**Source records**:
===============

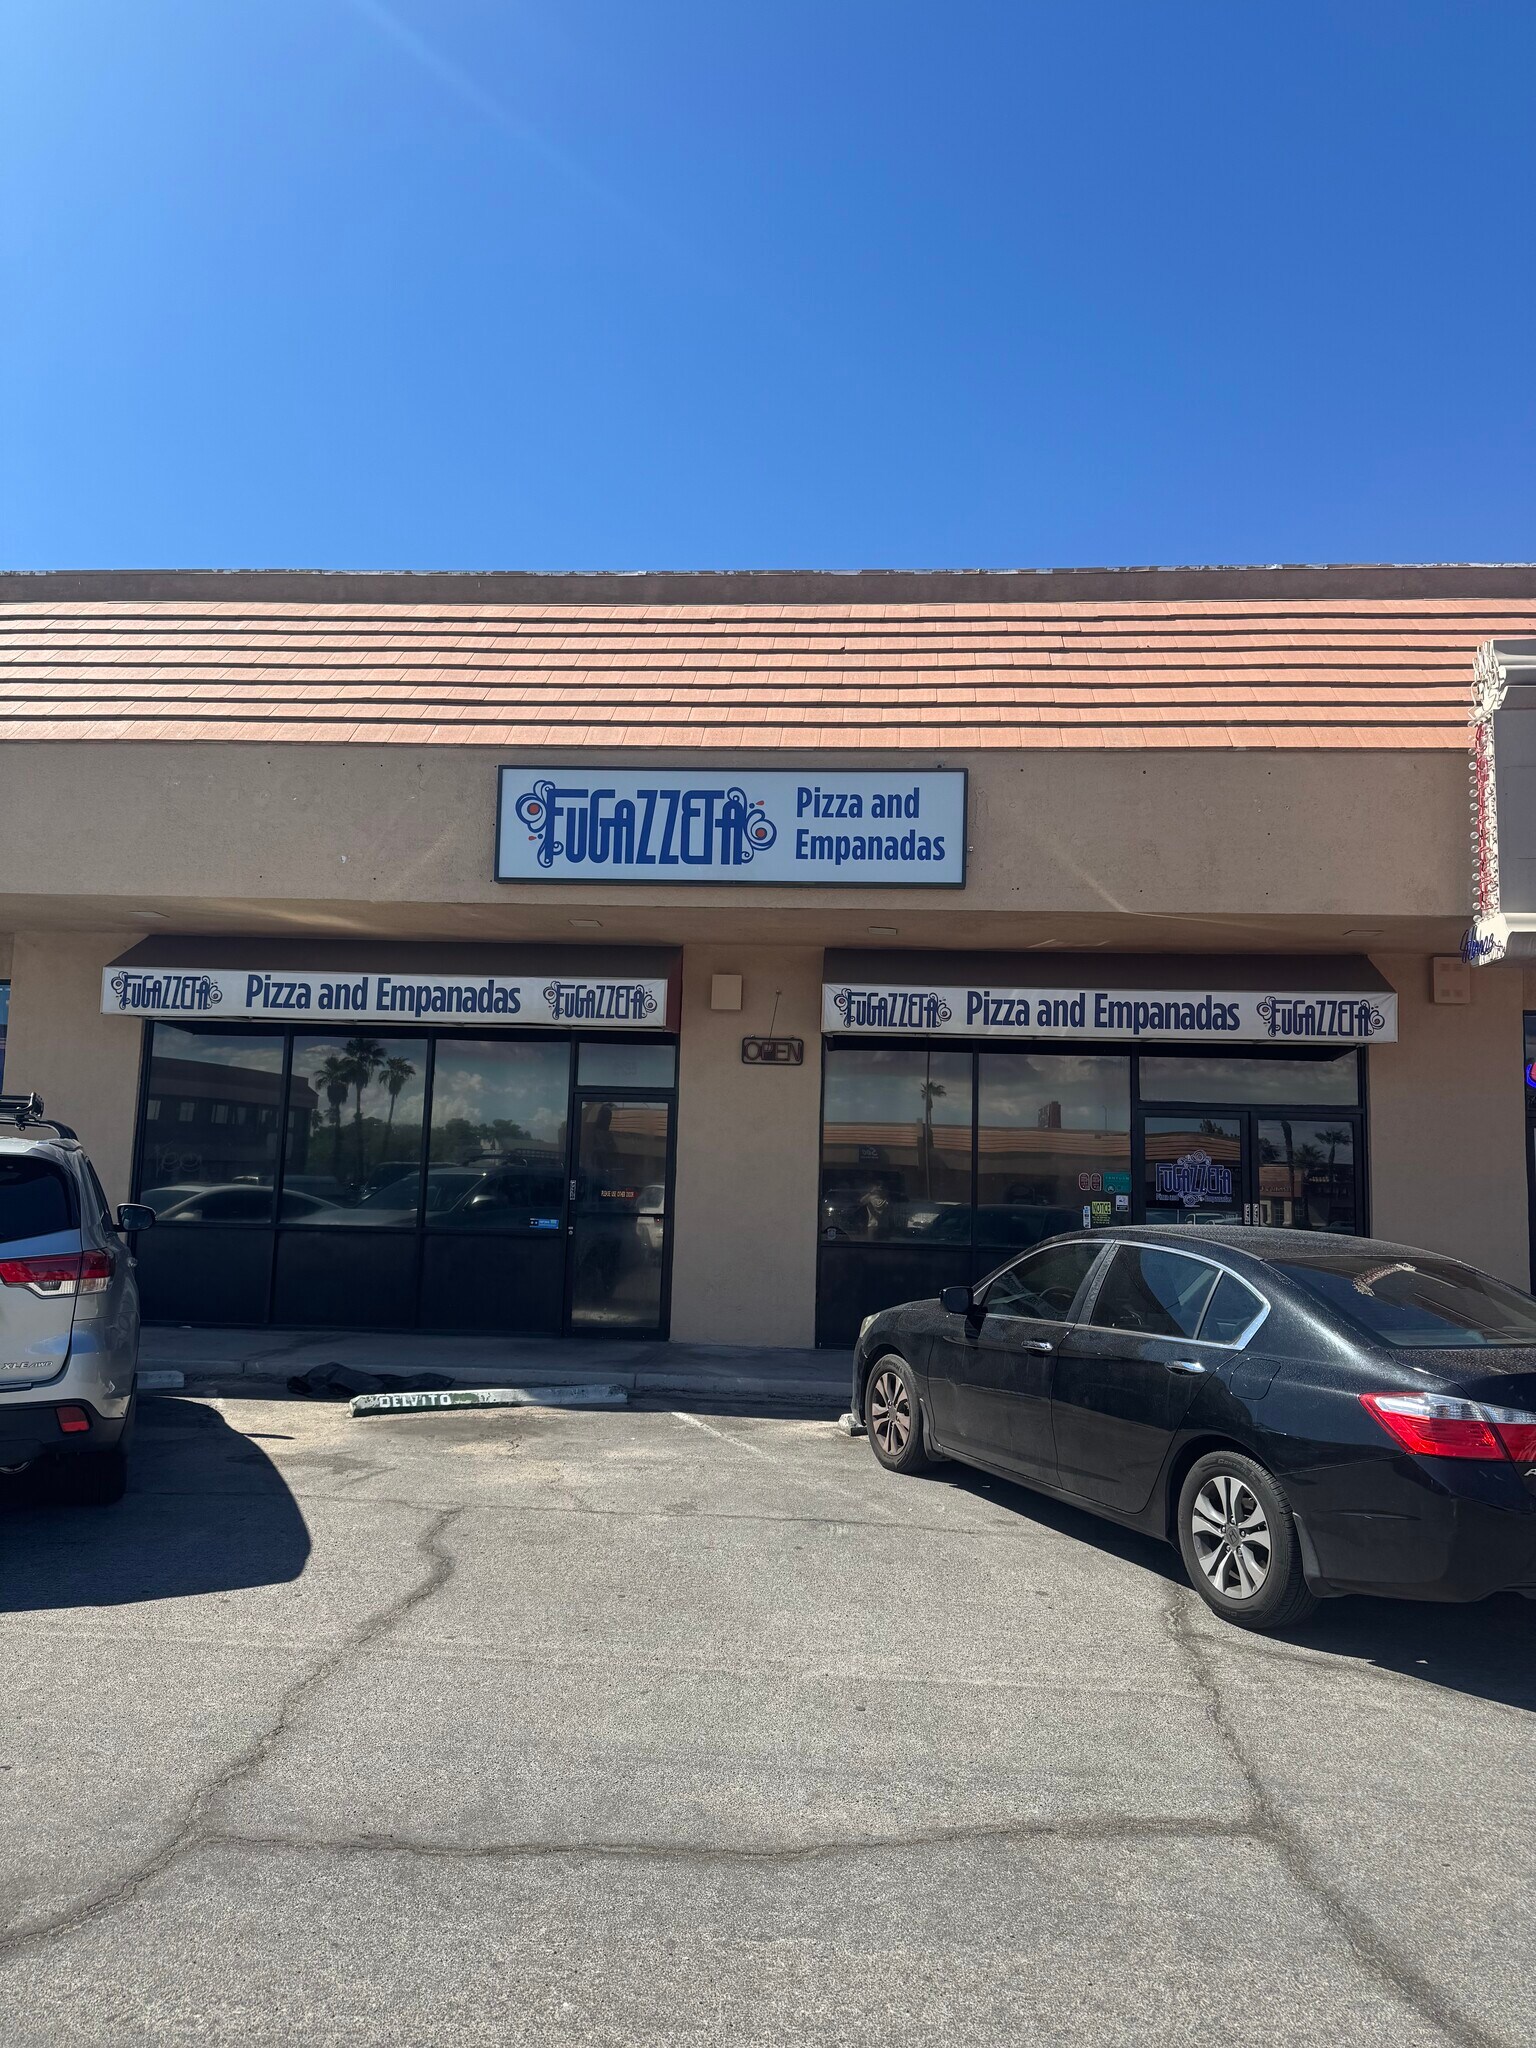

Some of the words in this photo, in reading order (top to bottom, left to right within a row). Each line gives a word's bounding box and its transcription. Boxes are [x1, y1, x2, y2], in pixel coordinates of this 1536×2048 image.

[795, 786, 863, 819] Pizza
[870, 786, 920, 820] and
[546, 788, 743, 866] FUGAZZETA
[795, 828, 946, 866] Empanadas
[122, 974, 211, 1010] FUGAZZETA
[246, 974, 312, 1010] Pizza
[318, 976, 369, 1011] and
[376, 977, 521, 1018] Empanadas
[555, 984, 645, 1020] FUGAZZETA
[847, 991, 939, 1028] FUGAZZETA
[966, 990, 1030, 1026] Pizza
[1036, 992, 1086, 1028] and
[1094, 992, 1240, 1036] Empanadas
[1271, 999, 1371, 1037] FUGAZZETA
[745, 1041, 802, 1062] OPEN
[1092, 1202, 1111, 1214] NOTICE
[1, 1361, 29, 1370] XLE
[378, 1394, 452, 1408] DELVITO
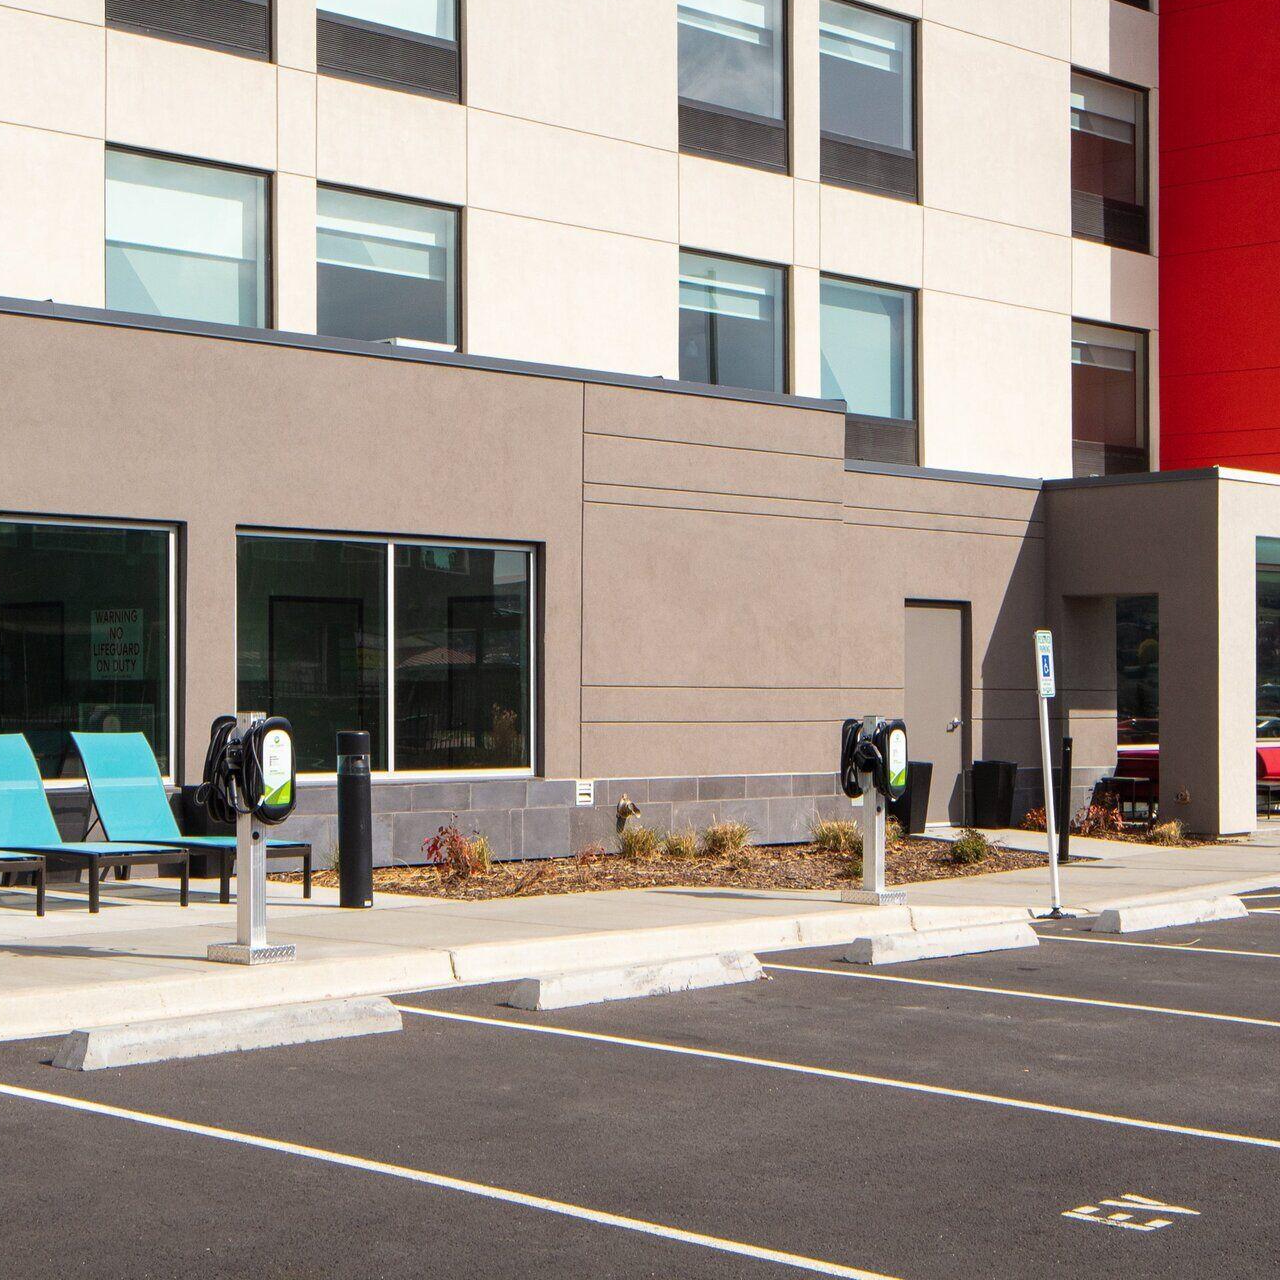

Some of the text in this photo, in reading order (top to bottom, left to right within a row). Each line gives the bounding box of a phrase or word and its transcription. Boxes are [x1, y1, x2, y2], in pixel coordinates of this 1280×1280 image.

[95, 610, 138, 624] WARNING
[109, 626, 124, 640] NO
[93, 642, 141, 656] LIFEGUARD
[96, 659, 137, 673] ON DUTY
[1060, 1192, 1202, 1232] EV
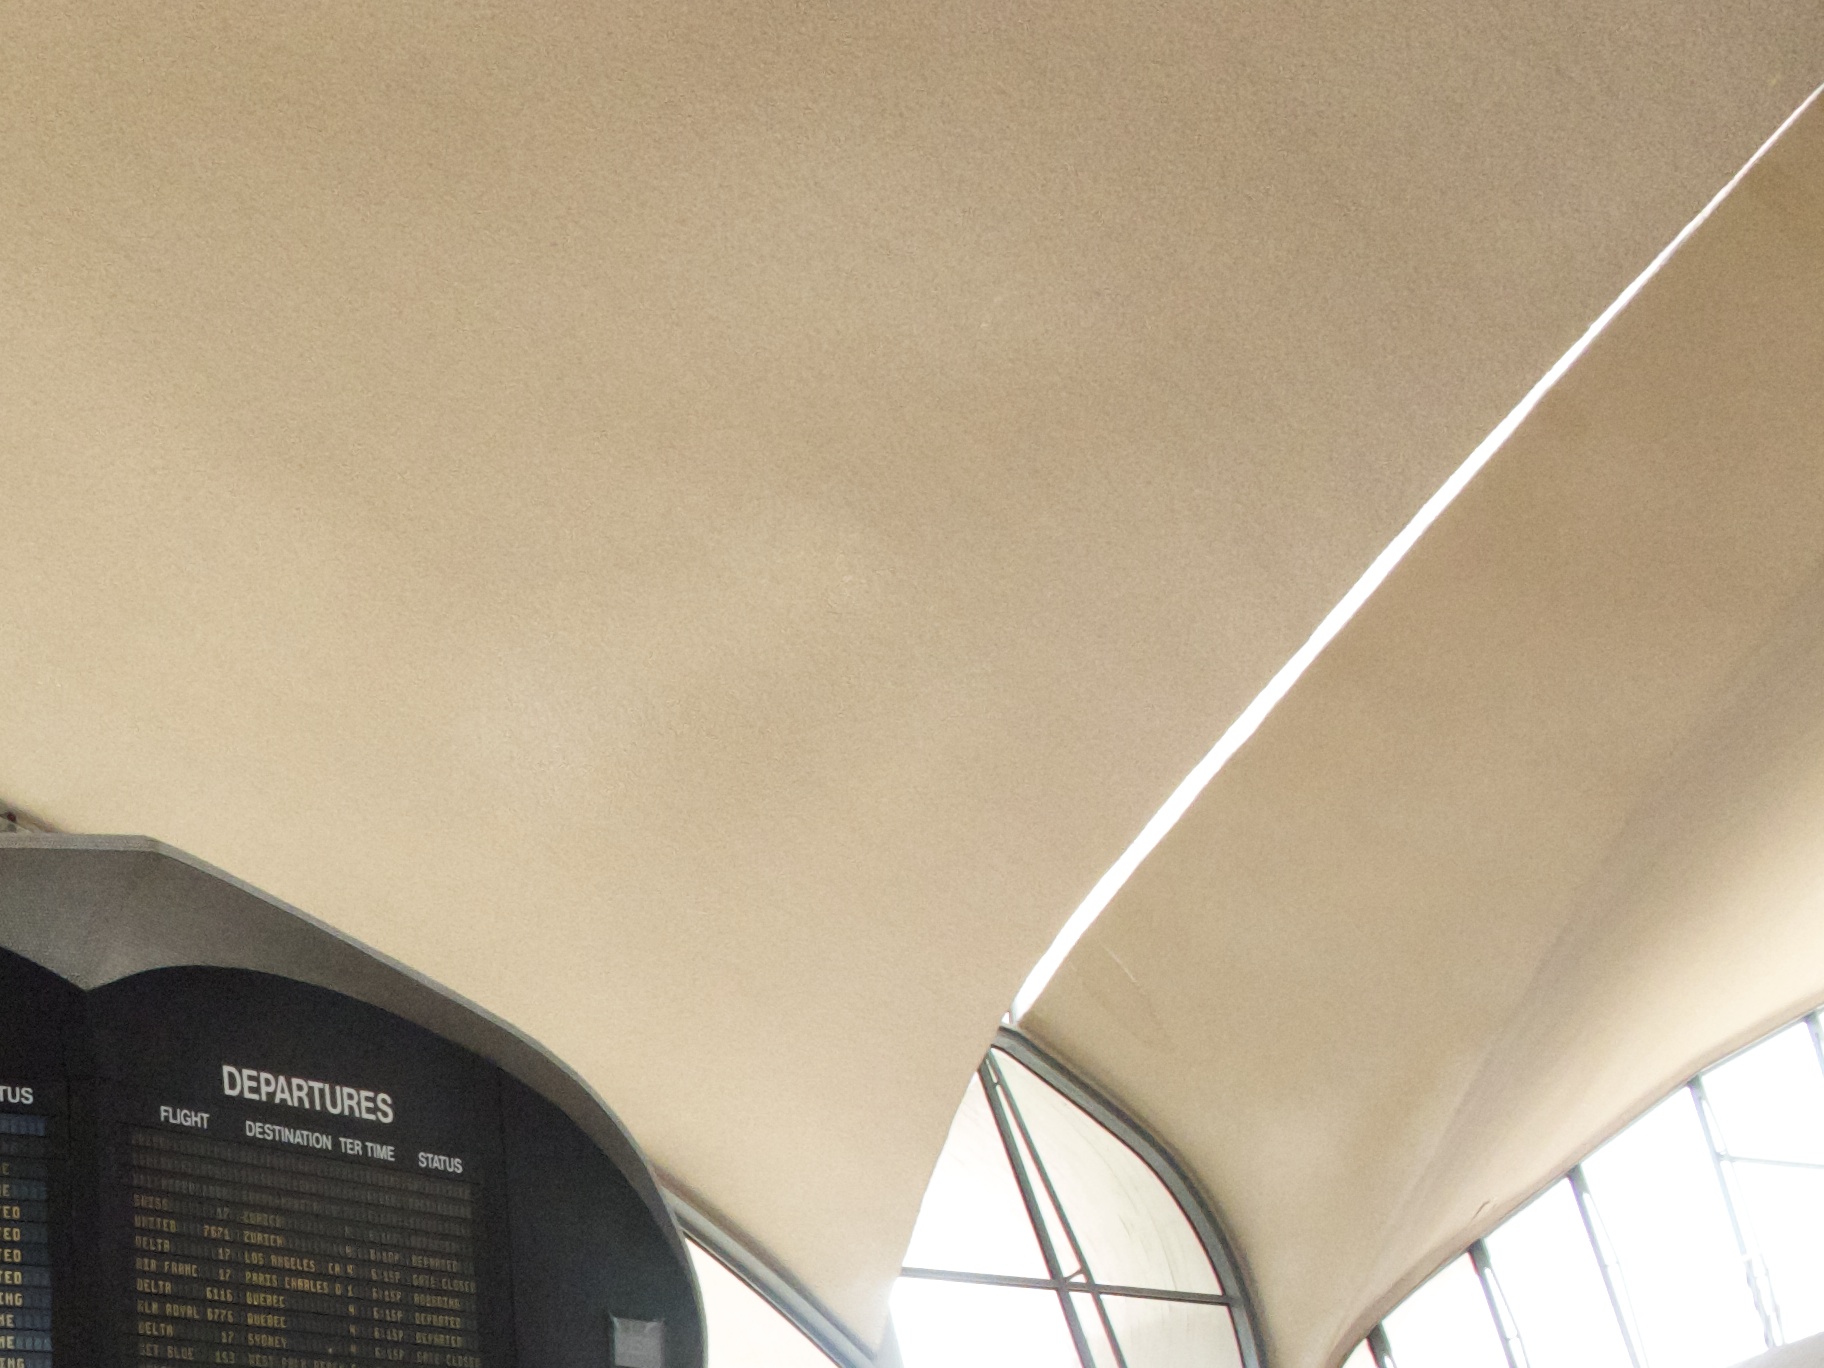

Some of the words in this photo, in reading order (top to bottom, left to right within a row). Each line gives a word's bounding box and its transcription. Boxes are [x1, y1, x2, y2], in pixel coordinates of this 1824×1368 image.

===============

Repeat every line of the data exactly, but do not include pictures.

**Written response**:
Some of the words in this photo, in reading order (top to bottom, left to right within a row). Each line gives a word's bounding box and its transcription. Boxes are [x1, y1, x2, y2], in pixel coordinates of this 1536×2048 image.

[795, 786, 863, 819] Pizza
[870, 786, 920, 820] and
[546, 788, 743, 866] FUGAZZETA
[795, 828, 946, 866] Empanadas
[122, 974, 211, 1010] FUGAZZETA
[246, 974, 312, 1010] Pizza
[318, 976, 369, 1011] and
[376, 977, 521, 1018] Empanadas
[555, 984, 645, 1020] FUGAZZETA
[847, 991, 939, 1028] FUGAZZETA
[966, 990, 1030, 1026] Pizza
[1036, 992, 1086, 1028] and
[1094, 992, 1240, 1036] Empanadas
[1271, 999, 1371, 1037] FUGAZZETA
[745, 1041, 802, 1062] OPEN
[1092, 1202, 1111, 1214] NOTICE
[1, 1361, 29, 1370] XLE
[378, 1394, 452, 1408] DELVITO

Some of the text in this photo, in reading order (top to bottom, left to right within a row). Each line gives the bounding box of a phrase or word and its transcription. Boxes are [x1, y1, x2, y2], in pixel coordinates of this 1280×1280 image.

[95, 610, 138, 624] WARNING
[109, 626, 124, 640] NO
[93, 642, 141, 656] LIFEGUARD
[96, 659, 137, 673] ON DUTY
[1060, 1192, 1202, 1232] EV

Some of the words in this photo, in reading order (top to bottom, left to right within a row). Each line gives a word's bounding box and its transcription. Boxes are [x1, y1, x2, y2], in pixel coordinates of this 1824×1368 image.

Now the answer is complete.